Carrying out two-dimensional measurement can just draw.Interferometer and Shack-Hartmann methods are due to the reasons in structure of equipment of itself, it is difficult to examine
Bending mechanism is surveyed, the less on-plane surface optical element of surface curvature radius is not suitable for yet.
The content of the invention
The present invention is to overcome the shortcomings of above-mentioned existing detection technique, there is provided a kind of two-dimentional long-range profile detection means and detection
Method, to obtain the two-dimensional signal of optical element surface by guide rail moving sweep, realizes large scale optical element surface quality
Detection and the detection of high accuracy bending mechanism.

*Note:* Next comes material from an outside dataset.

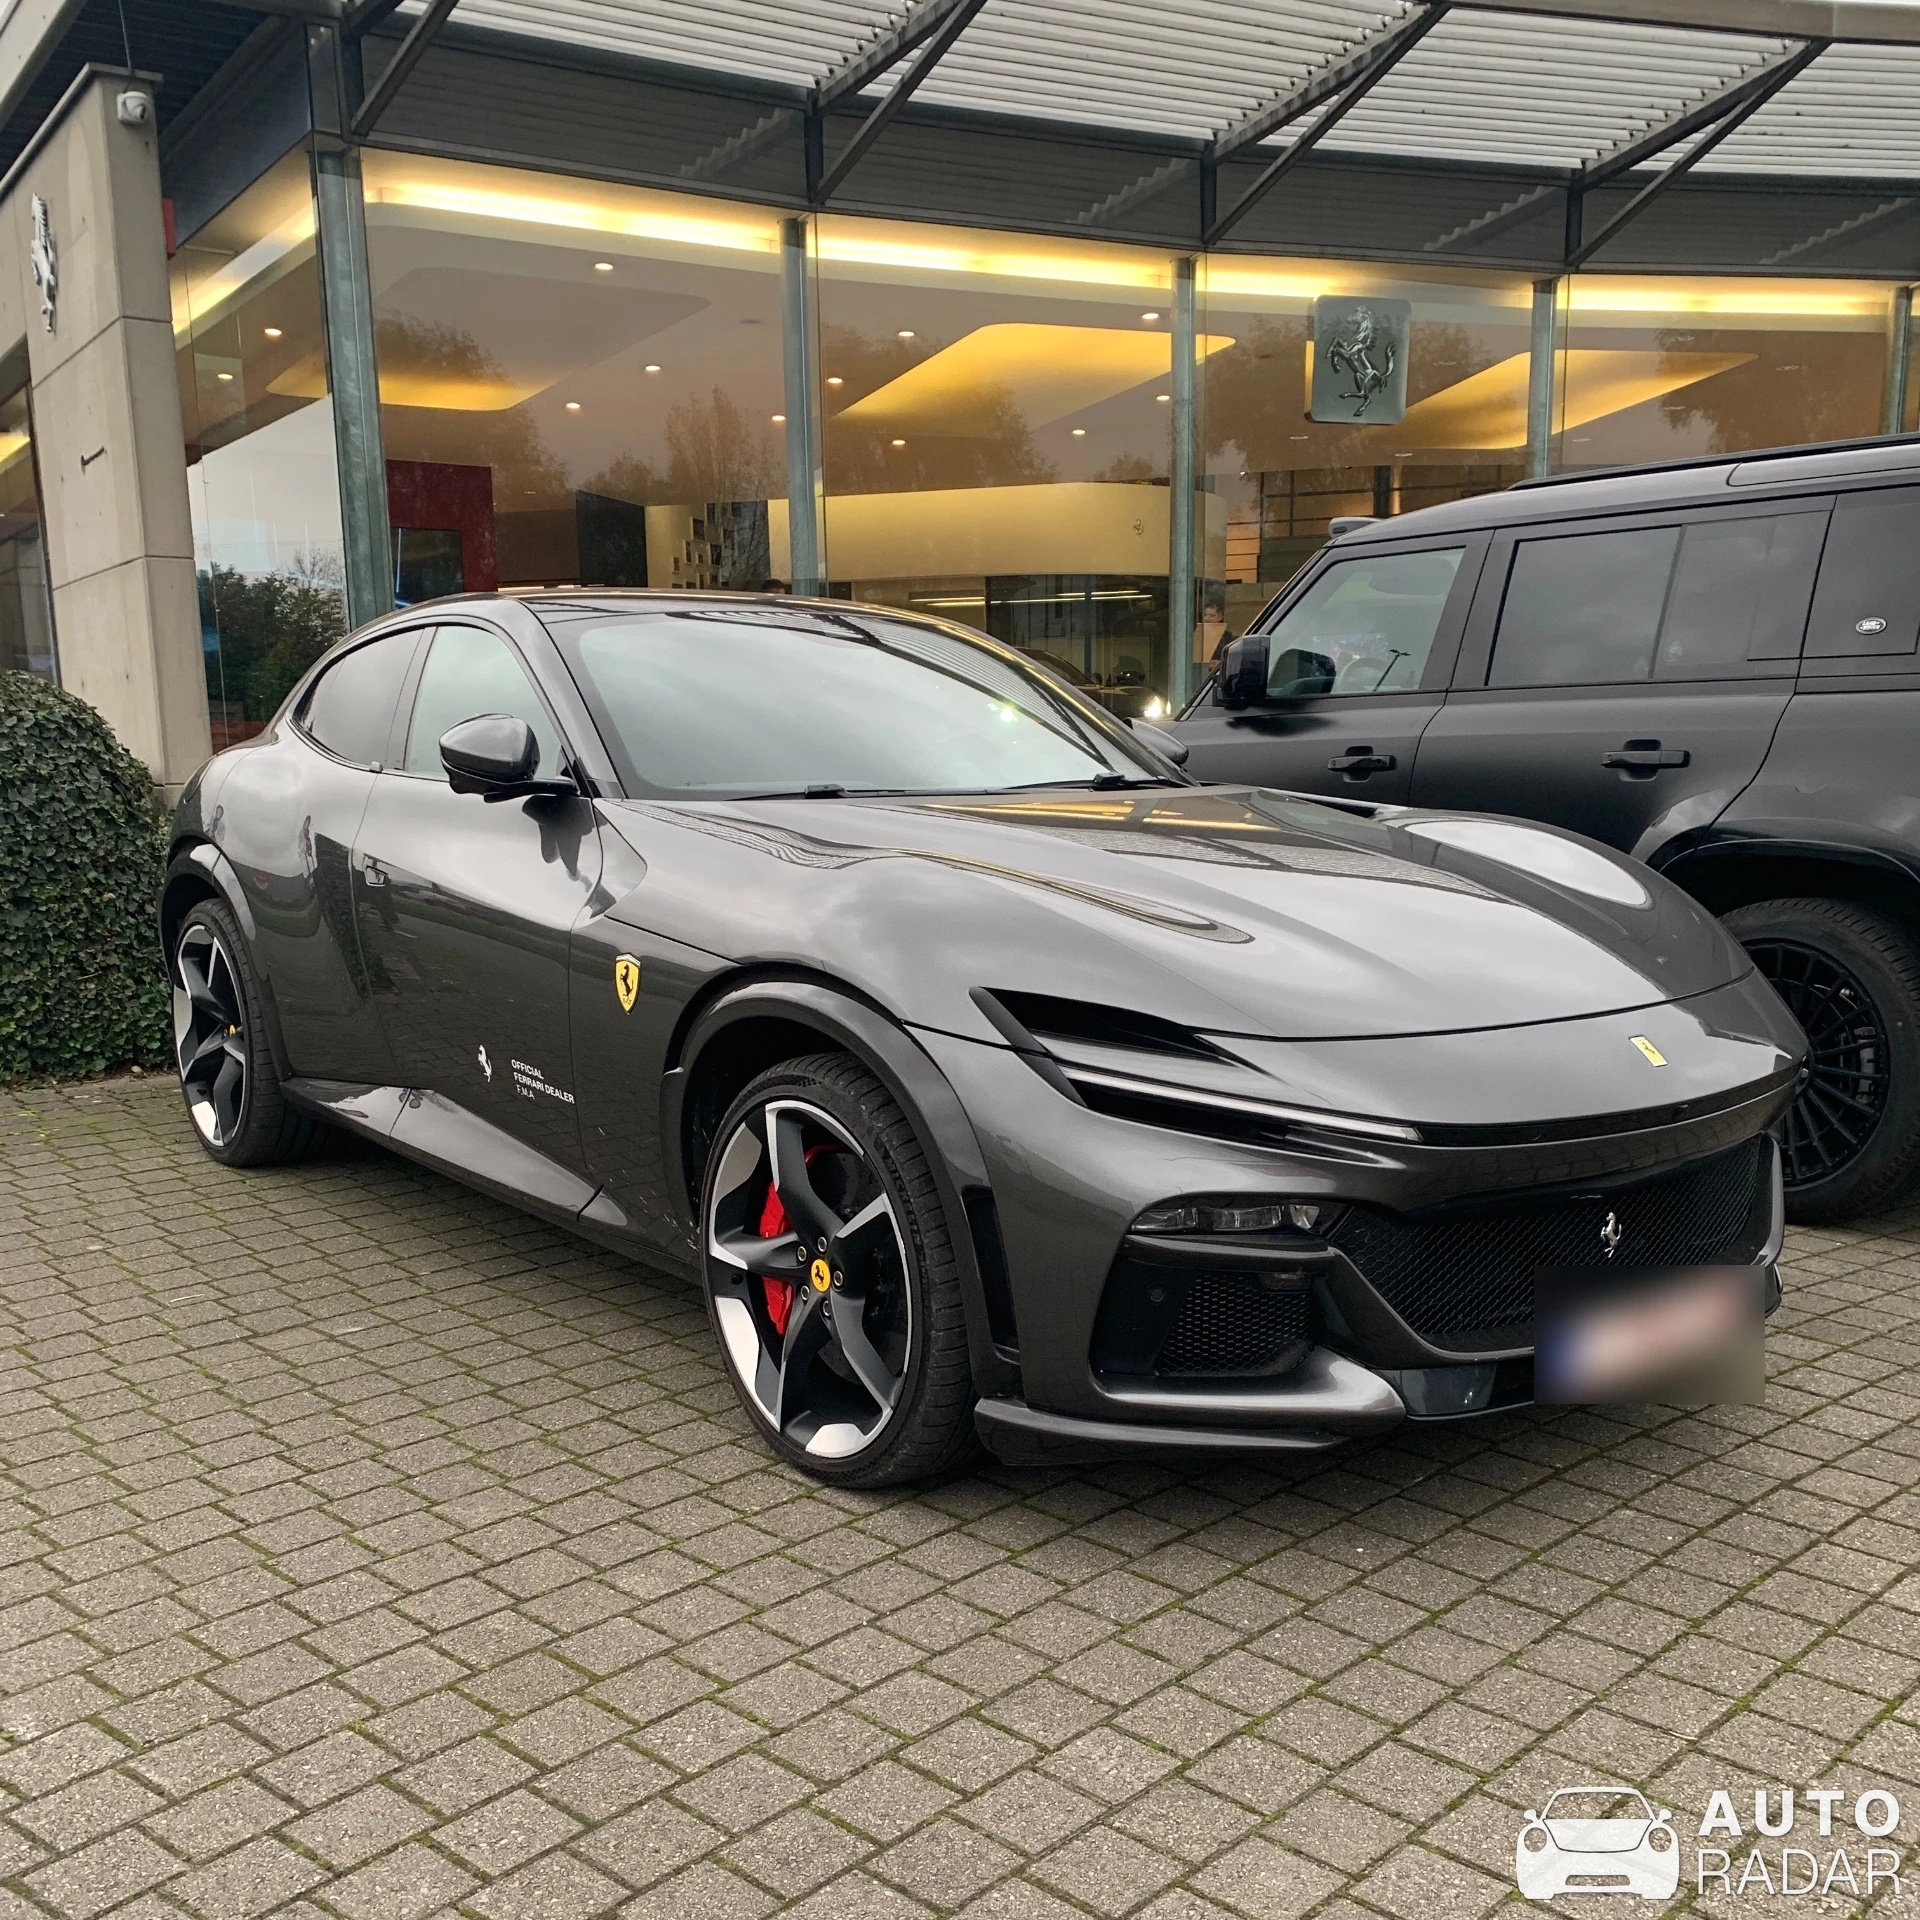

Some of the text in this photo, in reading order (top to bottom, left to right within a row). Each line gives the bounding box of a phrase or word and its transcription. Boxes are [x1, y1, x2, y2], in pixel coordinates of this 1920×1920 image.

[511, 1059, 544, 1079] OFFICIAL
[513, 1071, 575, 1104] FERRARI DEALER

To achieve these goals, one aspect of the present invention provides a kind of two-dimentional long-range profile detection means, for realizing treating
The surface testing of minute surface is surveyed, it includes monochromatic light source, two-dimensional array structure π phase boards, Amici prism, guide rail, is installed in and leads
Pentagonal prism, lens, right-angle prism module and planar array detector on rail;
Wherein, the monochromatic light source is set to the light beam of outgoing one, and the light beam passes through the two-dimensional array structure π phase boards
The Amici prism is incided, the pentagonal prism is incided after the Amici prism light splitting, reflected through the pentagonal prism
After incide the minute surface to be measured, and after return the pentagonal prism through the mirror-reflection to be measured, again through the pentagonal prism
The Amici prism, the lens and the right-angle prism module are sequentially passed through after refraction and reaches the planar array detector, and
Measurement hot spot is formed on the planar array detector.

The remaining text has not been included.